Le responsable marketing de la Kuwait Petroleum Corp. (KPC), Jamal al-Loughani, a déclaré devant un colloque la semaine dernière qu'un changement dans la carte mondiale de l'énergie a fait des parts de marché une question très sensible.

Selon lui, la hausse de la production américaine à 9,4 mbj a permis à Washington d'arrêter d'importer du brut léger d'Afrique.

Washington a aussi réduit les importations de pétrole lourd de l'Amérique latine, le remplaçant par celui extrait du sable au Canada.

«Cela met la pression sur les membres de l'OPEP, en particulier ceux du Golfe qui doivent coopérer pour maintenir leurs parts du marché et même avoir de nouveaux preneurs pour des quantités supplémentaires de production à l'avenir», a-t-il dit.
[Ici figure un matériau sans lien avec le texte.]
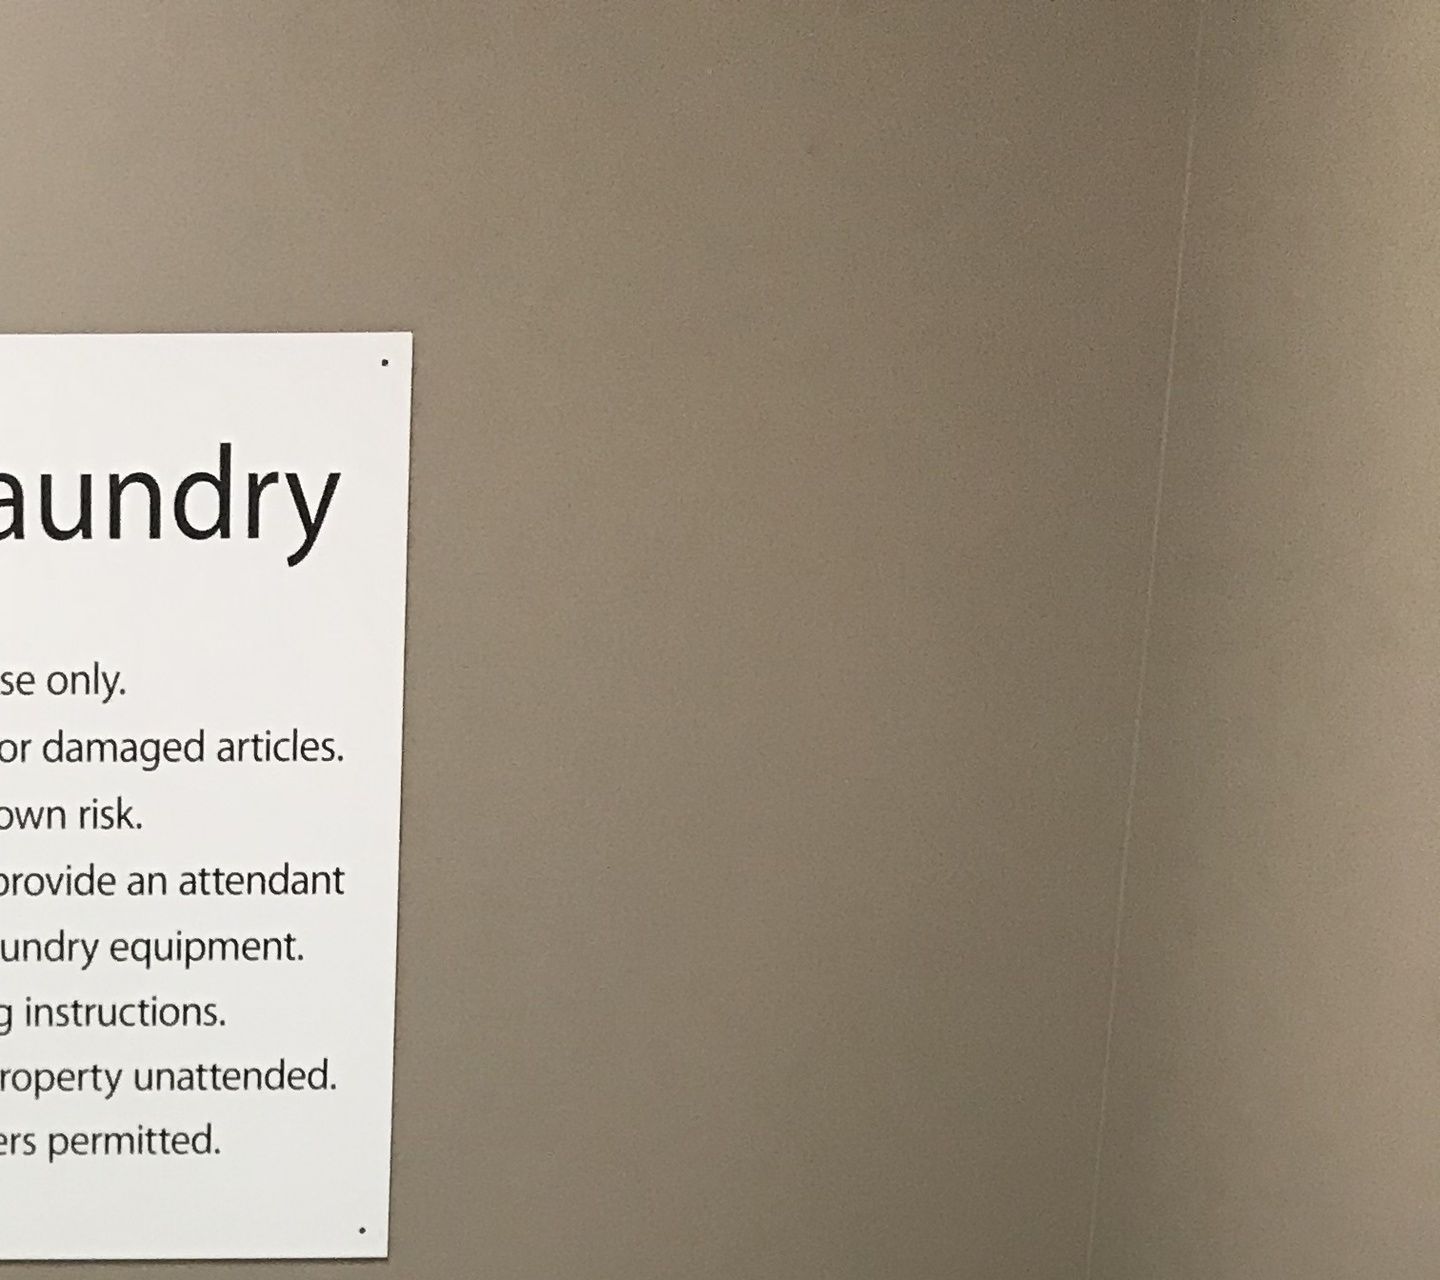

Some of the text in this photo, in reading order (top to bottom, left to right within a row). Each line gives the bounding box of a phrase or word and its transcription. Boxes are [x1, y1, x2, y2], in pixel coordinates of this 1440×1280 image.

Une amélioration des prix et une baisse de la production de pétrole de schiste des États-Unis sont susceptibles de conforter les pays de l'OPEP dans leur stratégie.

Selon le département américain à l'Énergie, la production américaine a chuté de 112 000 barils par jour pour se situer à 9,26 mbj début mai.

«Les prix sont en amélioration, l'approvisionnement de l'extérieur de l'OPEP - en particulier en pétrole de schiste - est plus faible qu'auparavant et la demande se redresse», a déclaré la représentante du Koweït à l'OPEP Nawal al-Fuzai la semaine dernière.

Au cours des dernières semaines, les prix ont grimpé d'environ 40 %, mais restent bien en dessous de leur niveau de plus de 100 dollars le baril de juin 2014.

Selon Mme Fuzai, la surproduction a baissé, passant de 2 mbj l'année dernière à entre 1 et 1,2 mbj actuellement.

Mais la Commerzbank a averti début mai que «le marché du pétrole continuera à être excédentaire jusqu'à ce l'OPEP réduise considérablement sa production».

L'Agence internationale de l'énergie (AIE) et l'OPEP ont estimé que la remontée des prix reposait sur des bases fragiles.

Selon l'AIE, la surproduction ne va pas s'évaporer d'autant plus que de nouveaux pays ont augmenté la production alors que celle de l'OPEP a atteint 31,21 mbj, son niveau le plus haut depuis septembre 2012.

«Il serait prématuré de dire que l'OPEP a gagné la bataille du marché et celle-ci ne fait que commencer», a estimé l'AIE.